Show that for any positive integer n, $(3n)!/(3!)^n$ is an integer.

This is also a question on my exam paper that i proved by using mathematical induction. However, my tutor tells me that it can be proved without using mathematical induction. I really want to know how to deal with in another way.

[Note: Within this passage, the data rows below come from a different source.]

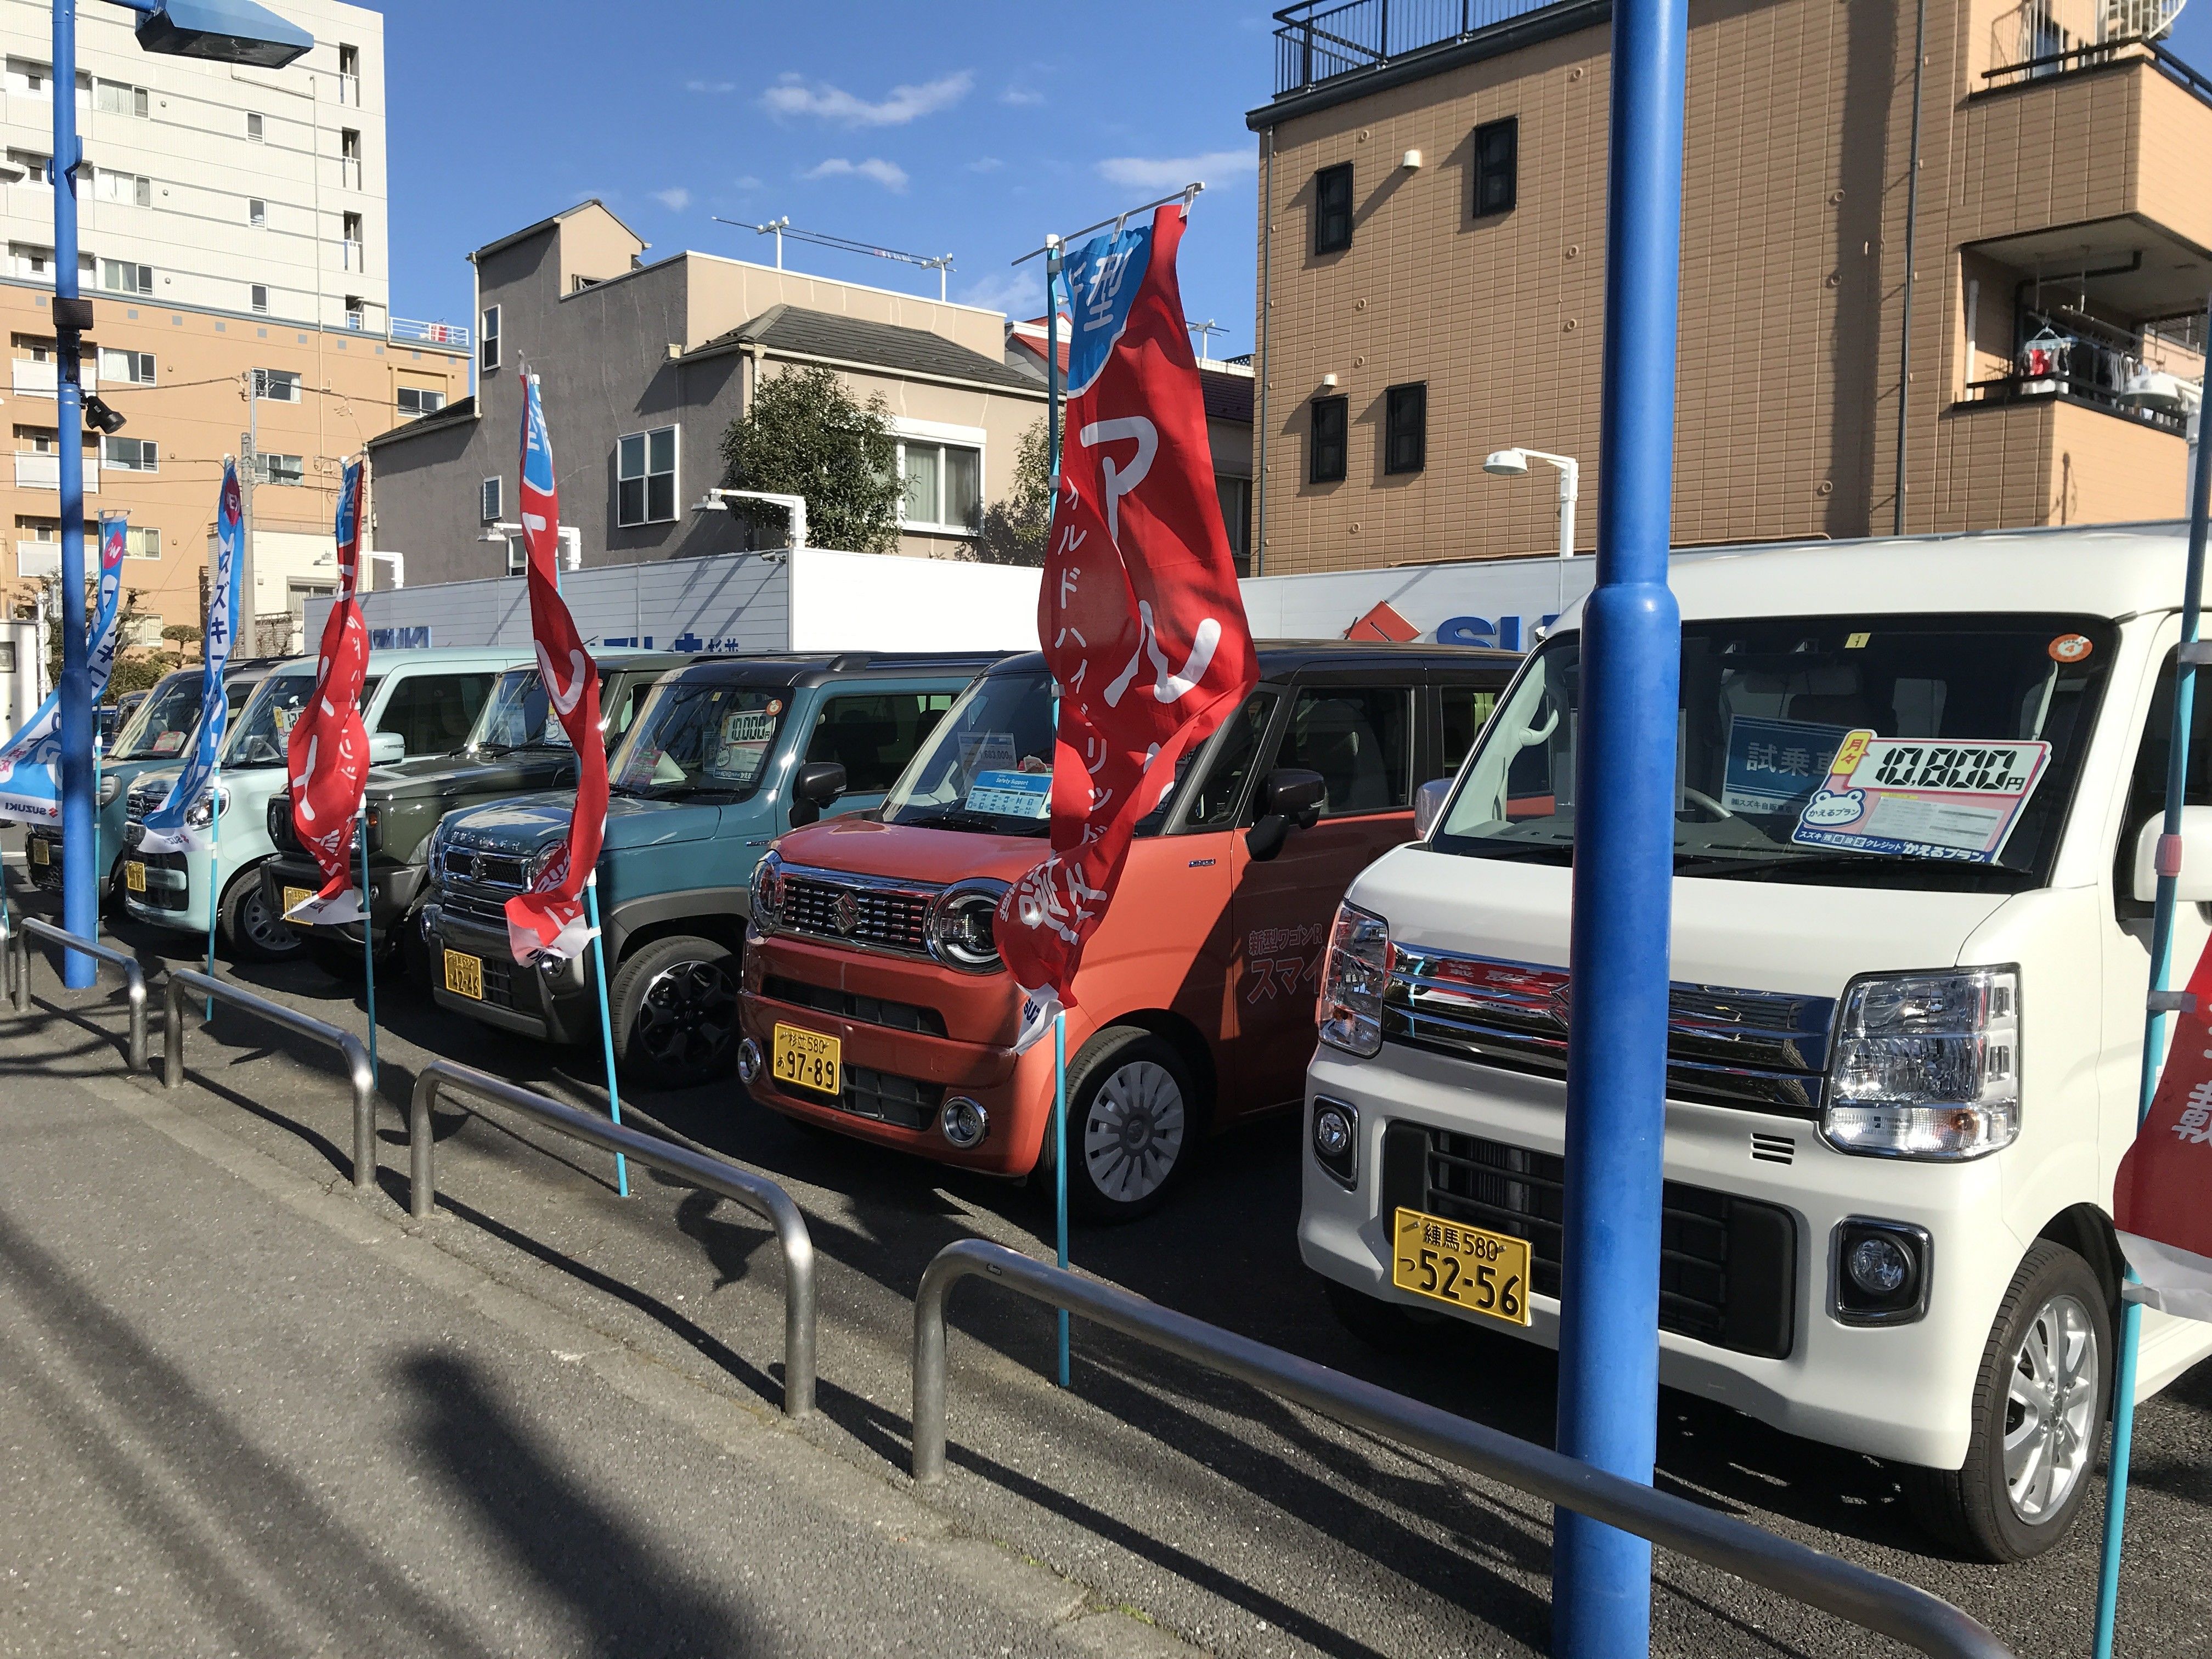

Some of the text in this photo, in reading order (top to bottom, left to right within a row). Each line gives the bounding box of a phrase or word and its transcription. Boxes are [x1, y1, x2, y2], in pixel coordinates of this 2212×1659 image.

[1841, 739, 1864, 765] 月々
[1875, 747, 2025, 791] 10,800円
[1249, 923, 1323, 956] 新型ワゴンR
[808, 1036, 826, 1054] 580
[787, 1050, 836, 1089] 97-89
[1425, 1222, 1499, 1262] 練馬 580
[1400, 1248, 1521, 1316] つ 52-56

Show that for any positive integer n, $(3n)!/(3!)^n$ is an integer.

Solution 1:

Hint: $$ \begin{align} &\binom{3n}{3}\binom{3n-3}{3}\binom{3n-6}{3}\cdots\binom{6}{3}\binom{3}{3}\\ &=\frac{(3n)!}{\color{#C00000}{(3n-3)!}3!}\frac{\color{#C00000}{(3n-3)!}}{\color{#00A000}{(3n-6)!}3!}\frac{\color{#00A000}{(3n-6)!}}{\color{#A0A0A0}{(3n-9)!}3!} \cdots\frac{\color{#A0A0A0}{6!}}{\color{#0000FF}{3!}3!}\frac{\color{#0000FF}{3!}}{0!3!}\\ &=\frac{(3n)!}{(3!)^n} \end{align} $$ Only the solid black terms don't disappear.

Solution 2:

Hint: How many ways are there to form $n$ triples out of the first $3n$ positive integers?

Solution 3:

Count how many even numbers there are up to 3n. You should get at least n. similarly how multiples of 3 do you get? That means that $2^n$ and $3^n$ divide your number. This implies that $6^n$ divides your number. Why?